Dit en termes moins diplomatiques, c’est simple. Les femmes n’étant pas les égales des hommes dans la société (et ce sont les mêmes raisons qui expliquent la féminisation de l’épidémie, partout dans le monde) : au départ, lorsqu’on s’attaque au problème, on ignore la spécificité de la situation des femmes. Pourtant, de par le fait que les hommes exercent leur statut de dominant, elles sont vulnérables. Par le viol : vecteur de transmission, parfois volontaire, du virus. Par le fait que ce ne sont pas elles qui ont pouvoir sur leur sexualité. Par l’éducation, ou plutôt l’accès plus difficile à l’éducation, qui les empêche d’être suffisamment informées. Par le fait qu’elles ne sont pas prioritaires dans les soins.  Par le statut de « soignantes » qu’on leur a confié dans la lutte contre le SIDA, travail qu’elles effectuent gratuitement dans un contexte où il n’y a pas d’hygiène, et par le statut de mineure qu’elles ont encore trop souvent, donc dépendantes de la bonne volonté d’un frère, d’un père, d’un mari, pour avoir accès aux soins et  la prévention.

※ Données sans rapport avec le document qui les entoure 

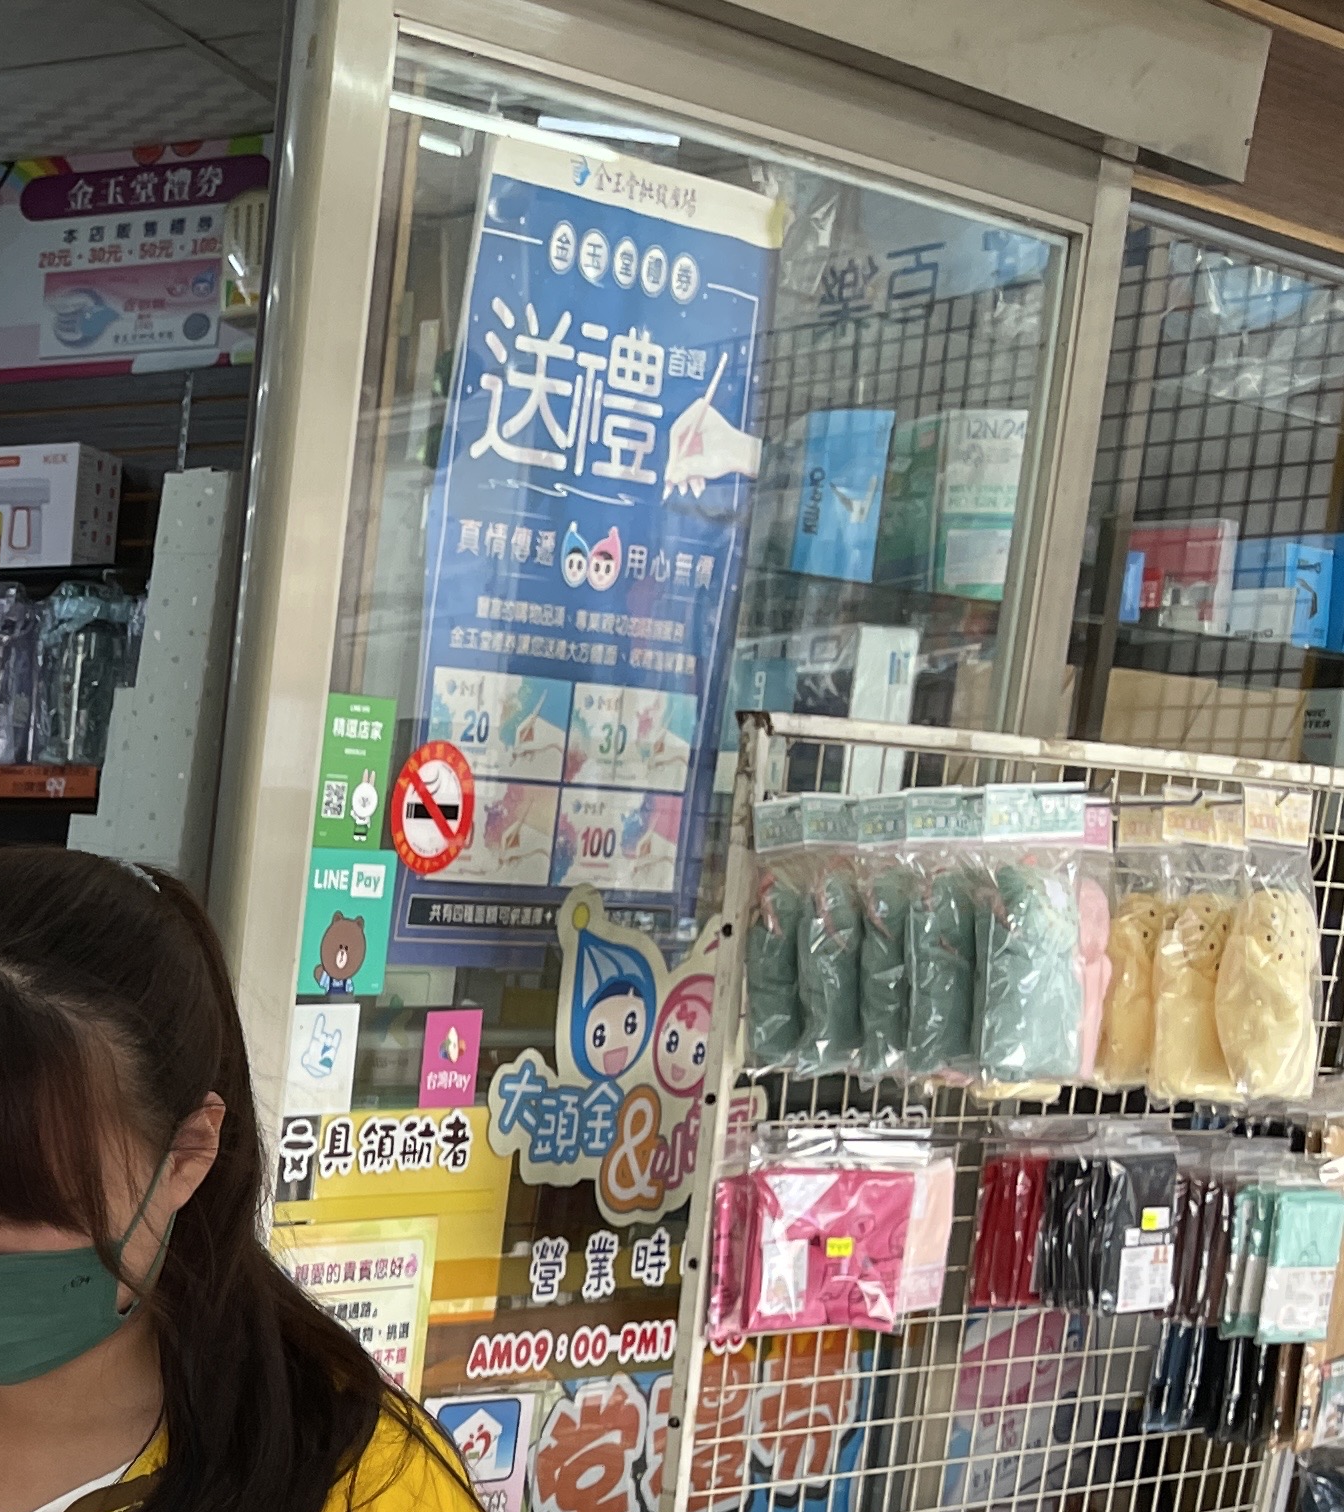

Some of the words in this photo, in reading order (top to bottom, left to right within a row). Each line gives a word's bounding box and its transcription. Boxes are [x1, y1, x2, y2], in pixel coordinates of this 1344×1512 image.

Enfin l’ONU souligne le phénomène des relations « à mi-chemin entre la prostitution et les relations amoureuses ». On appelle ça pour dissimuler la réalité le phénomène des « Papas gâteaux » (ça ne vous rappelle rien, ailleurs ?), relations sexuelles contre cadeau entre hommes âgés et femmes jeunes, phénomène qui contribue à l’extension de l’épidémie. Une raison de plus, s’il en fallait, pour montrer que toute forme de prostitution est néfaste pour les femmes et lié à leur position économique dépendante !

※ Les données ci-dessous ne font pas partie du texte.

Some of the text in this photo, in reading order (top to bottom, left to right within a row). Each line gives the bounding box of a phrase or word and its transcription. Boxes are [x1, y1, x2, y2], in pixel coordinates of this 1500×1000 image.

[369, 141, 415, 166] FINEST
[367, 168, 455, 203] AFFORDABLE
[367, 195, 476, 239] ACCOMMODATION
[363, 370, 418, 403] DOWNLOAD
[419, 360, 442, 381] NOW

Résultat, le virus opère un véritable massacre de jeunes femmes, et va entraîner un déficit majeur de femmes, (l’ONU parle même d’extinction, et ce n’est pas un sujet qui fait la « UNE » ?), comme c’est le cas pour d’autres raisons en Inde. Mais ce n’est pas le virus qui est le responsable le plus important. Il faut des programmes spécifiques et une volonté politique fondée sur l’égalité entre les femmes et les hommes. Pour lutter efficacement contre une maladie, il faut en avoir envie. Ici comme ailleurs, le système de contrôle exercé sur le corps des femmes pour les empêcher d’avoir accès aux biens, aux outils, aux armes, et à l’autonomie, est le premier responsable de bien des catastrophes.

Avec enfin, le silence, trop longtemps imposé aux femmes. A l’exemple de Pinki, cette mère sud-africaine qui veut que le jour où elle mourra du SIDA, on « mette un ruban rouge autour de sa maison« , pour que tout le monde sache. En attendant, pleine de vie et d’enthousiasme, elle prêche la lutte contre l’épidémie par l’information, même si cela fait grincer des dents dans sa famille. Prenons exemple sur elle, mettons un ruban rouge autour de notre maison !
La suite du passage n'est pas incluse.